At the TechKnowledge conference (good conference, and a better venue next year I’m sure), I had the honor of being on a panel with my fellow committee members who are some really interesting thinkers around elearning, including Frank Nguyen from American Express, Cris Stewart from Four Seasons, Paul Sparks from Pepperdine University, and ably chaired by Paula Orologas of the Capital Group Companies. We were talking about new trends, and I didn’t think until too late that what I’d like to end with is the trend I don’t hear people talking about but wish they were.
As a bit of context, for one I heard a very interesting talk from Visa about how they were single-sourcing their content, to make their content development more practical and deliver in more ways. I’ve talked before about content models, and here was someone pushing that agenda forward. I subsequently had a conversation with another conference attendee who was taking the idea even further forward. The point being, that if you structure your content you can scaffold (read: support) the development of content, and you can do some powerful things as you’ve semantically tagged the role of the content.

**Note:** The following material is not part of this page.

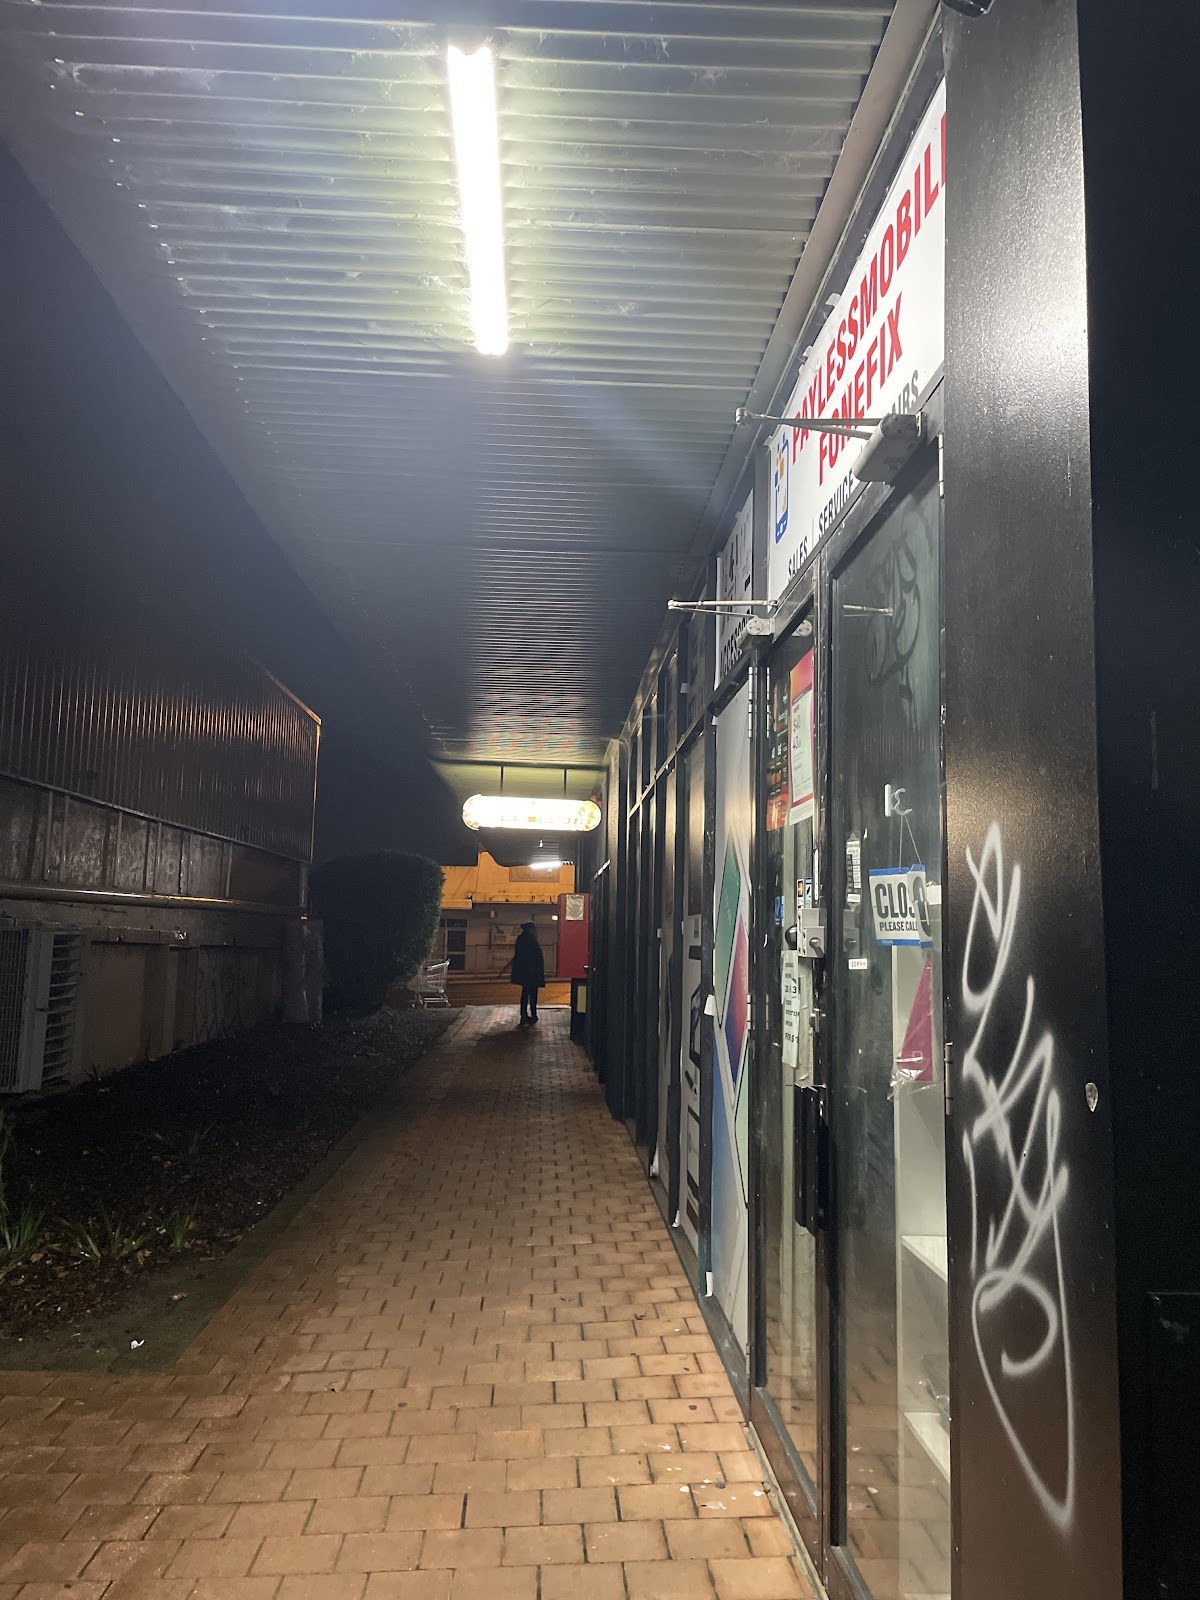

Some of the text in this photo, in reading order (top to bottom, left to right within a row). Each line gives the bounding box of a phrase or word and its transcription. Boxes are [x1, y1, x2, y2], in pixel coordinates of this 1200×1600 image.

[819, 290, 903, 487] FONEFIX
[788, 535, 808, 581] SALES
[879, 921, 905, 931] PLEASE

Second, I volunteered for ‘face time’, which allows speakers to volunteer to be available for free 20 minute consultation sessions. In one of those, I talked to a fellow who was developing technical training. In this case, I suggested using mental models as a key. The benefits of mental models are that while they may take longer to develop initially, that’s for one or two uses of the model, and with software that model gets used across many different commands spread across quite a few menus, you’re going to get real power. So, you present several examples of how to do things linking the model to the software interface, and then you have the learner predict how to do several more, using the model. From there, if you’ve done it right, you shouldn’t need more training, learners should be able to predict, from the model, how to do new things. And some ancillary benefits: if you change some of the interface, this shouldn’t be a burden; if a learner forgets a step, they can typically regenerate it. And they can predict how to do new things. It’s because of the relationships in the model tying together the disparate bits.
My hope, then, is that this becomes the year of the model(s). The trend that I’d like to see is more people taking advantage of these powerful ideas, moving beyond procedural and hand-crafted elearning to systemic and systems-thinking based learning support. How about you?